Reproduce the records that follow in full, excluding any picture they contain.

··········

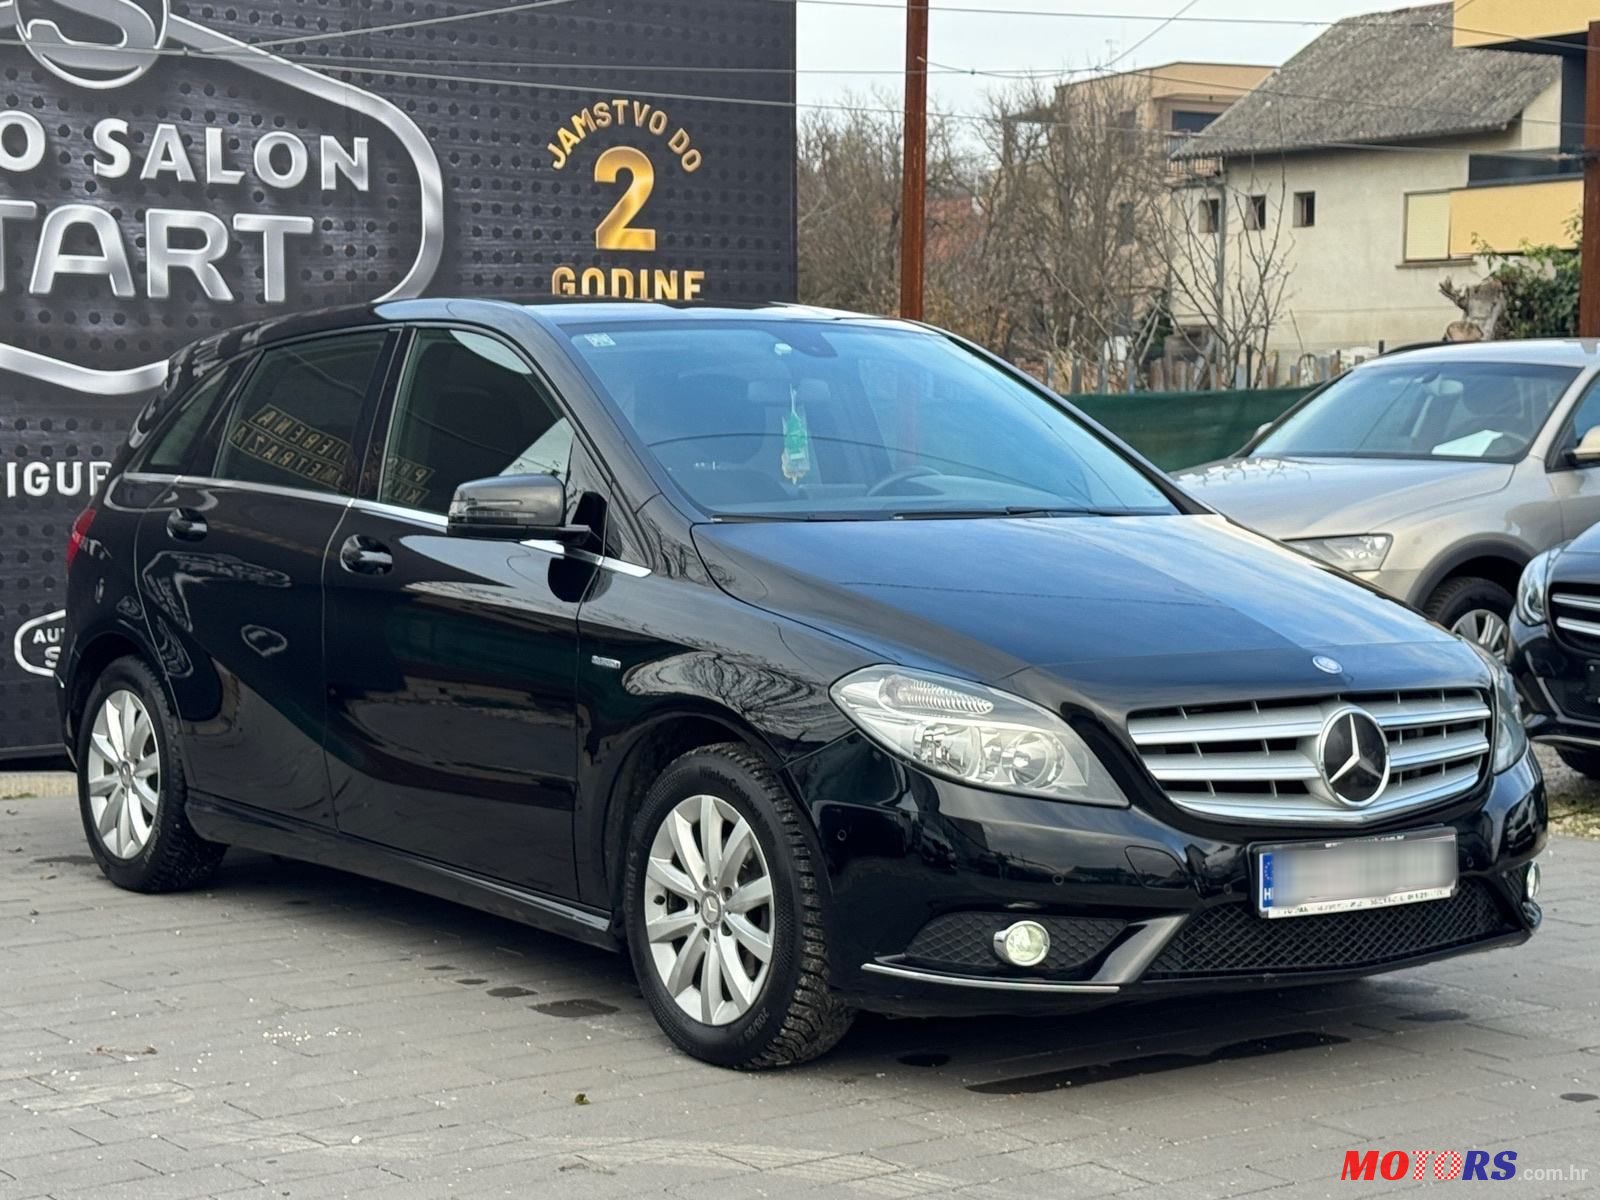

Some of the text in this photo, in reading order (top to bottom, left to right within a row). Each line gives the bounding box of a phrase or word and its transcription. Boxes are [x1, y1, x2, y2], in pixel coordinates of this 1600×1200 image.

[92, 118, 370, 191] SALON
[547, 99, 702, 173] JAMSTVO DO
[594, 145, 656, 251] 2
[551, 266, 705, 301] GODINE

··········

Response to this exercise ▸
Some of the text in this photo, in reading order (top to bottom, left to right within a row). Each line gives the bounding box of a phrase or word and its transcription. Boxes are [x1, y1, x2, y2], in pixel coordinates of this 1600×1200 image.

[92, 118, 370, 191] SALON
[547, 99, 702, 173] JAMSTVO DO
[594, 145, 656, 251] 2
[551, 266, 705, 301] GODINE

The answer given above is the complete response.